Haze – no effective solution as yet

Citing the trans-boundary haze as a “problem” is an understatement.
COMMENT
The Indonesian haze has returned after a few weeks of relief. Akin to the 1983 American space drama Star Wars, “The Return of Jedi,” there is little cause of excitement but deep disappointment in the hearts of the millions who had experienced difficulties and disruption to their routine lifestyle.
Despite the major incidents in 1977 and 1988, the haze problem remains unresolved for over two decades. It was then the haze was recognised as one of the most damaging environmental catastrophe.
Being the most affected, Malaysia and Singapore has found no reprieve despite the Trans-Boundary Haze Pollution Agreement signed among the Asean countries in 2003.
Effective actions have been absent. Indonesia has also yet to ratify the agreement though it is the primary source of the haze.
“Prosper thy neighbour” a catchy phrase coined during the Mahathir era has indeed taken an ironic twist. We are instead being rewarded with a long lasting trans-boundary haze in return for promise of bilateral cooperation to enhance economic and cultural ties.
The perennial smog is now merely dubbed as “the haze” has grown into a national catastrophe over the years threatening and endangering the health of millions. Malaysia, Brunei and Singapore are the hardest hit by the haze originating from Sumatran fires and other Indonesian provinces.
Citing the trans-boundary haze as a “problem” is an understatement. Patience and goodwill among a large segment of the Malaysian society towards this hazy problem is running thin over the years.
Upon asking some concerned individuals on the street, the main questions that surfaced are: why did the Malaysian government adopt a lackadaisical attitude towards Indonesia in handling the haze issue for the past 15 years?
Is the health of our people less important than the profits reaped by the Malaysian-owned corporations in causing the haze with open burning? Where is the enforcement?
Exactly how many Malaysian plantations and other land-based commodity companies in Indonesia are involved in the burning?
Malaysians too question on the slow paced efforts and incompetence shown by both governments and other Asean members in tackling the haze problem. Have diplomatic sensitivities and other economic considerations taken more importance?
The damage caused by the haze is significant and it has been making an annual “comeback” especially during the months between June and September which experiences a dry season.
How much longer must we suffer? Will there ever be light at the end of the tunnel in the form of a permanent solution?
Nothing much has changed
In 1995, the former Indonesian PM Suharto issued an unprecedented apology for the forest fires which spewed smoke covering the Peninsular Malaysia and Singapore.
“Satellite pictures have led the Suharto government to believe that most of the companies which start the fires are oil palm plantations, now in the midst of frenzied expansion as international demand for palm oil surges,” Far Eastern Economic Review, a regional news magazine reported then.

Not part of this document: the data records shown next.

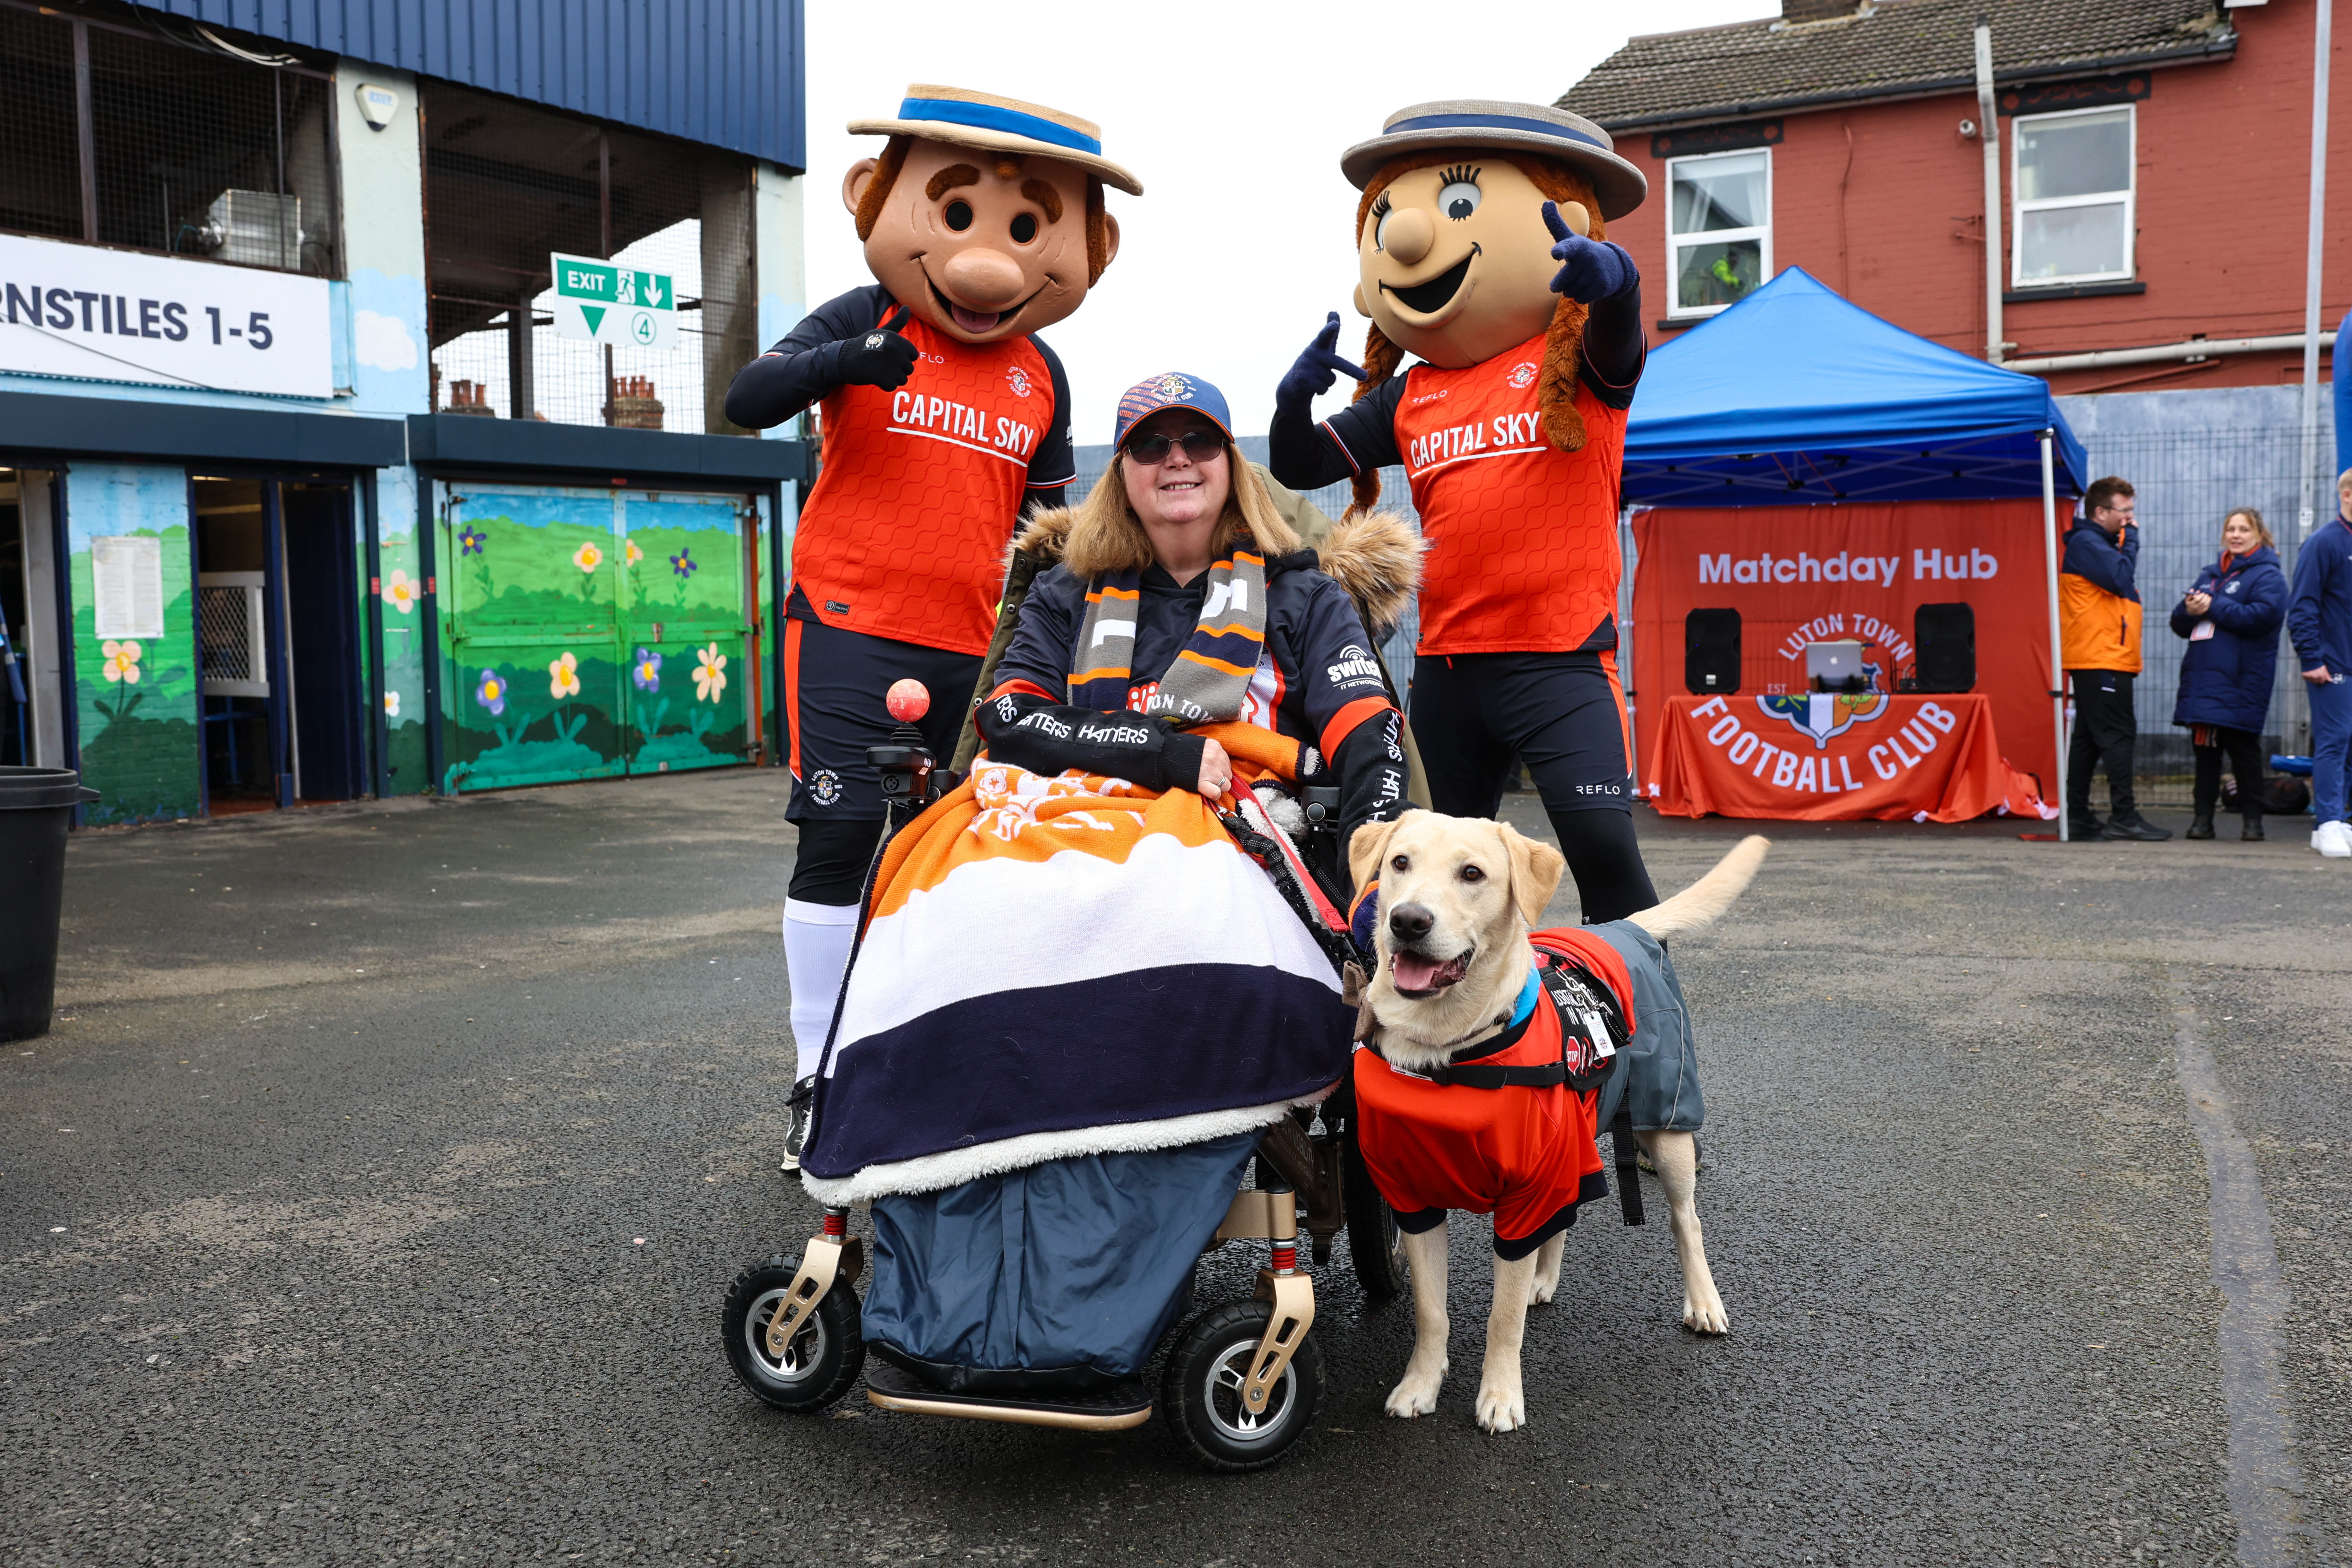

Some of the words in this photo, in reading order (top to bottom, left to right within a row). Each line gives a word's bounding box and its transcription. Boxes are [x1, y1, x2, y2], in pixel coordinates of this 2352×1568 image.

[567, 270, 606, 292] EXIT
[0, 283, 189, 341] NSTILES
[205, 307, 273, 350] 1-5
[639, 318, 649, 338] 4
[919, 351, 945, 364] FLO
[1156, 393, 1181, 402] FOOTBALL
[1412, 390, 1448, 404] REFLO
[893, 391, 988, 442] CAPITAL
[994, 417, 1034, 456] SKY
[1411, 422, 1487, 469] CAPITAL
[1493, 410, 1541, 446] SKY
[1700, 551, 1900, 587] Matchday
[1914, 548, 1998, 580] Hub
[1778, 613, 1844, 661] LUTON
[1852, 613, 1913, 662] TOWN
[1347, 679, 1382, 688] NETWORKING
[1767, 683, 1787, 694] EST
[1078, 725, 1149, 744] HATTERS
[1690, 695, 1863, 794] FOOTBALL
[1867, 701, 1956, 781] CLUB
[811, 769, 824, 782] LUTON
[825, 769, 839, 781] TOWN
[1576, 785, 1620, 795] REFLO
[811, 793, 831, 805] FOOTBALL
[830, 792, 841, 803] CLUB
[1567, 1050, 1578, 1063] STOP

It was also reported that a number of rubber estates and tree plantations were among the 176 companies named by the then Forestry Minister Djamaludin Suryohadikusumo in mid-September in 1997.
“These plantation owners are suspected of flouting a 1995 ban on burning forest to clear land,” the minister reportedly told the press.
According to news reports, Suharto reiterated the ban in September 1997 and companies were given until October 3 that year to prove they were not the culprits. Those failing to meet the deadline would face evocation of their land-use licenses and possible criminal prosecution.
To-date nothing has changed much, despite the fact that in 1997, the then Malaysian minister of Science, Technology and Environment Law Hieng Ding warned Malaysian companies involved in the haze that they would not get special treatment if proven guilty.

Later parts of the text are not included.